ASSIGNMENT: Reproduce each record exactly. The pictures should be skipped.

DATA IN THIS EXERCISE:
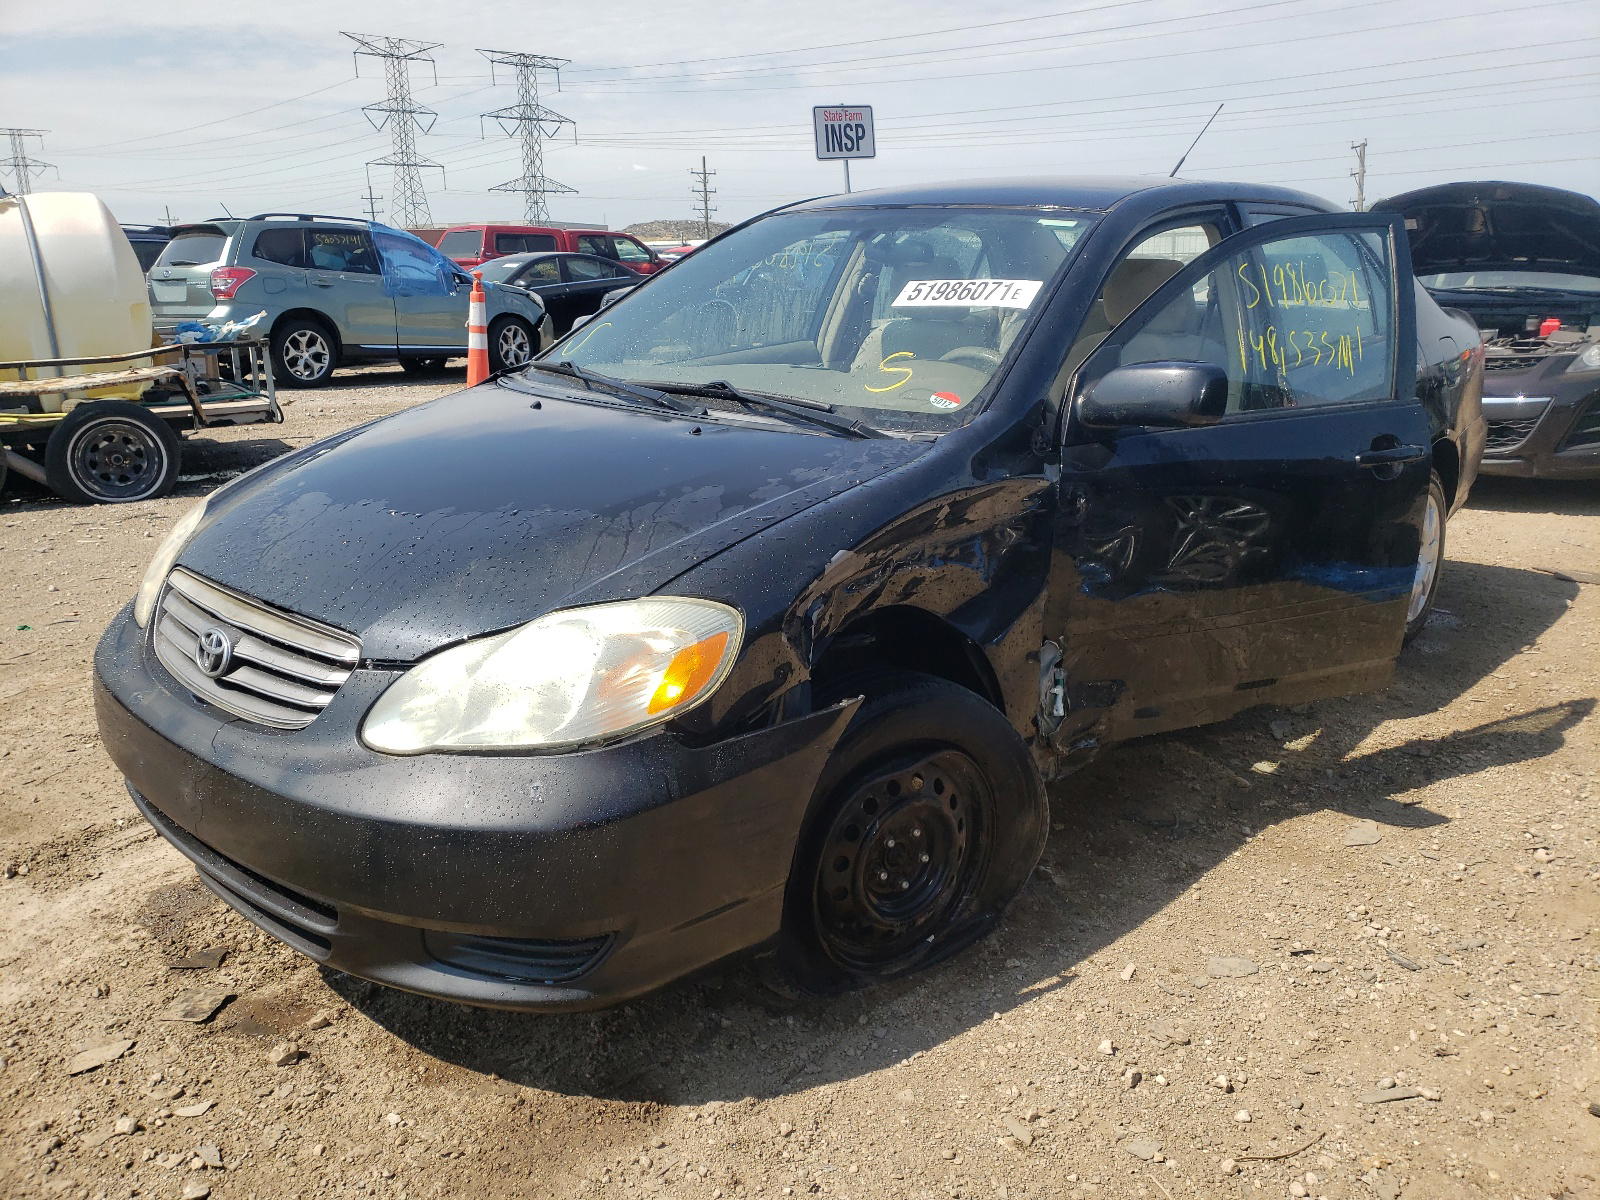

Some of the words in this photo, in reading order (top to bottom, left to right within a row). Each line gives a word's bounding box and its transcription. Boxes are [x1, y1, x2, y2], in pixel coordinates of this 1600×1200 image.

[824, 110, 842, 122] State
[844, 110, 863, 121] Farm
[825, 123, 866, 152] INSP
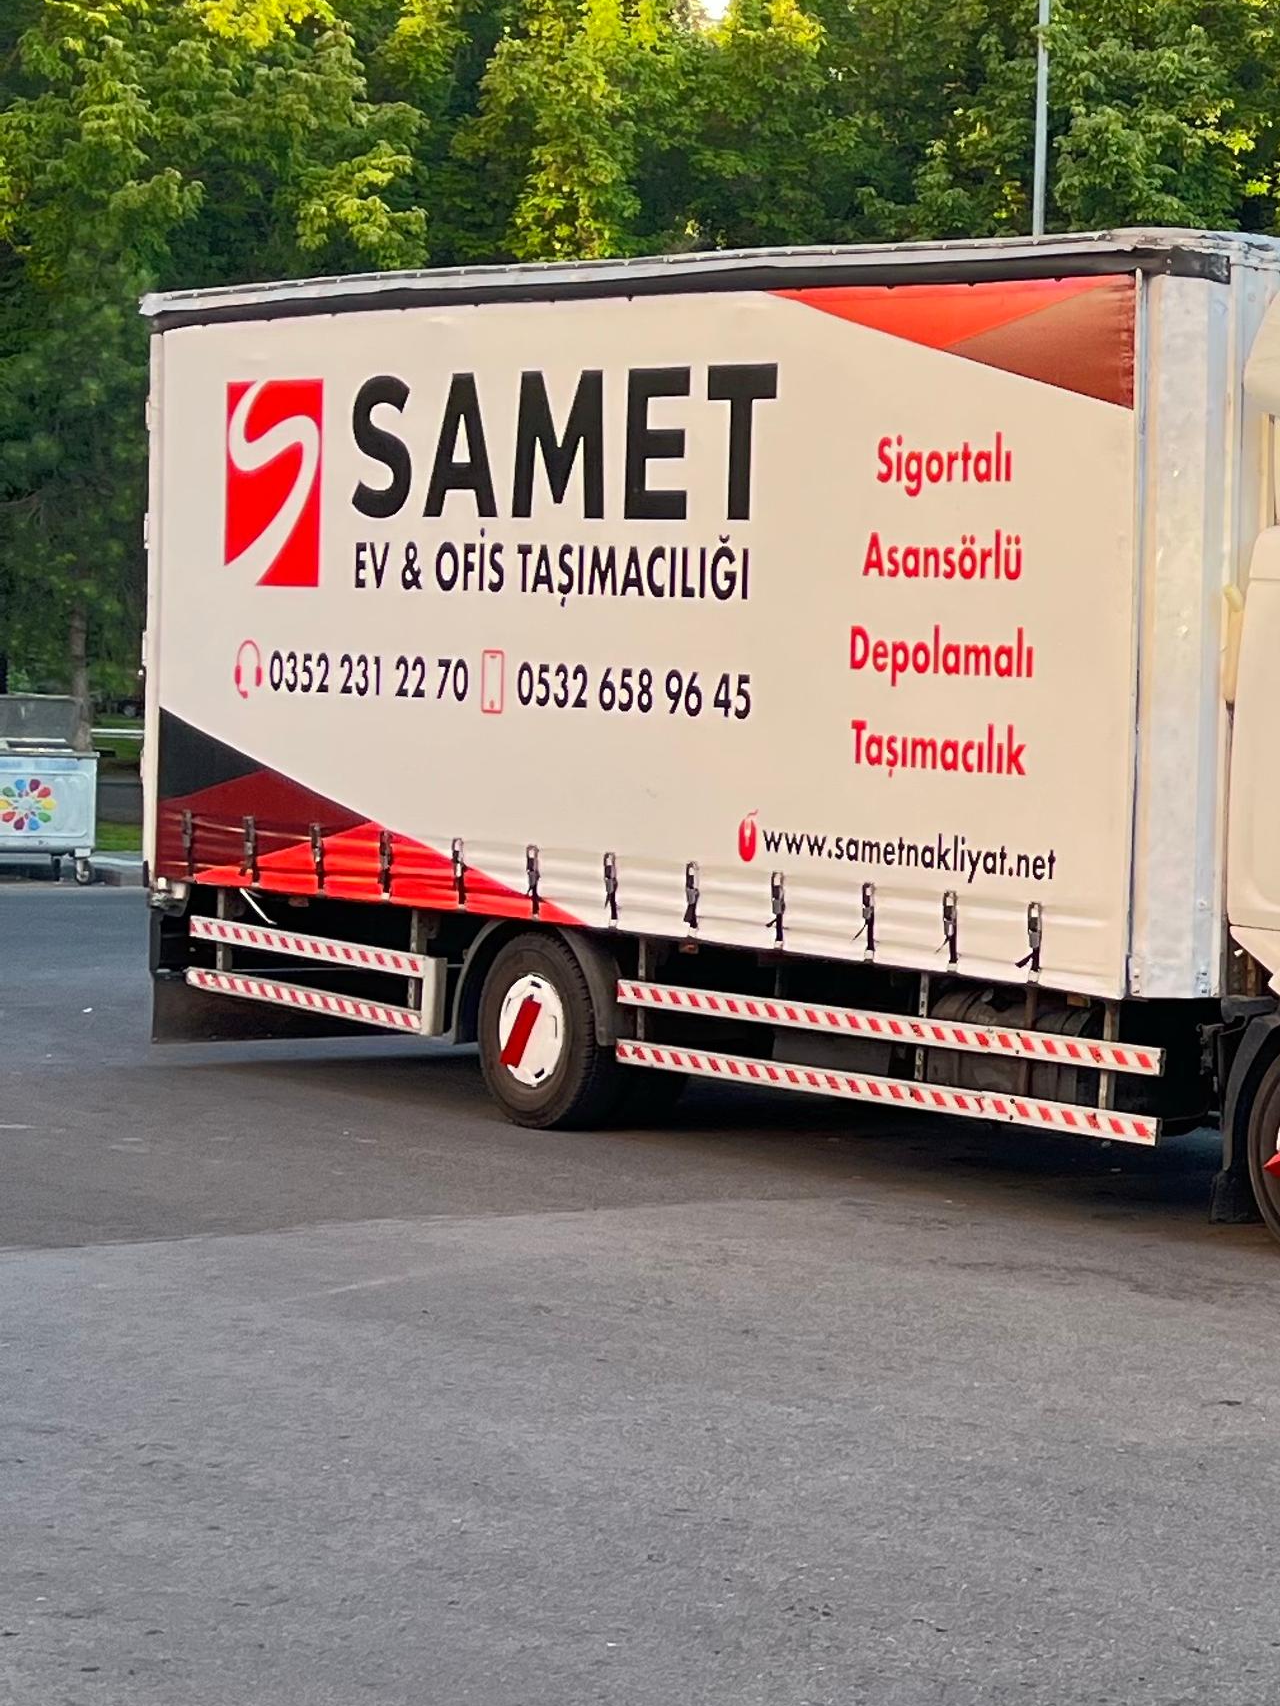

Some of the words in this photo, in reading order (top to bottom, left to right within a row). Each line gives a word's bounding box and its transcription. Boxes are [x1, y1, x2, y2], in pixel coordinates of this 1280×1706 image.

[352, 362, 778, 521] SAMET
[876, 431, 1012, 497] Sigortalı
[354, 541, 389, 589] EV
[401, 541, 422, 591] &
[435, 528, 504, 593] OFİS
[517, 534, 749, 607] TAŞIMACILIĞI
[862, 529, 1023, 580] Asansörlü
[269, 649, 330, 693] 0352
[339, 654, 382, 697] 231
[395, 655, 426, 699] 22
[435, 657, 469, 701] 70
[517, 661, 588, 709] 0532
[599, 666, 653, 713] 658
[665, 668, 703, 717] 96
[713, 672, 752, 720] 45
[850, 625, 1034, 686] Depolamalı
[851, 720, 1027, 777] Taşımacılık
[762, 829, 1057, 884] www.sametnakliyat.net

RESULT:
Some of the words in this photo, in reading order (top to bottom, left to right within a row). Each line gives a word's bounding box and its transcription. Boxes are [x1, y1, x2, y2], in pixel coordinates of this 1600×1200 image.

[824, 110, 842, 122] State
[844, 110, 863, 121] Farm
[825, 123, 866, 152] INSP

Some of the words in this photo, in reading order (top to bottom, left to right within a row). Each line gives a word's bounding box and its transcription. Boxes are [x1, y1, x2, y2], in pixel coordinates of this 1280×1706 image.

[352, 362, 778, 521] SAMET
[876, 431, 1012, 497] Sigortalı
[354, 541, 389, 589] EV
[401, 541, 422, 591] &
[435, 528, 504, 593] OFİS
[517, 534, 749, 607] TAŞIMACILIĞI
[862, 529, 1023, 580] Asansörlü
[269, 649, 330, 693] 0352
[339, 654, 382, 697] 231
[395, 655, 426, 699] 22
[435, 657, 469, 701] 70
[517, 661, 588, 709] 0532
[599, 666, 653, 713] 658
[665, 668, 703, 717] 96
[713, 672, 752, 720] 45
[850, 625, 1034, 686] Depolamalı
[851, 720, 1027, 777] Taşımacılık
[762, 829, 1057, 884] www.sametnakliyat.net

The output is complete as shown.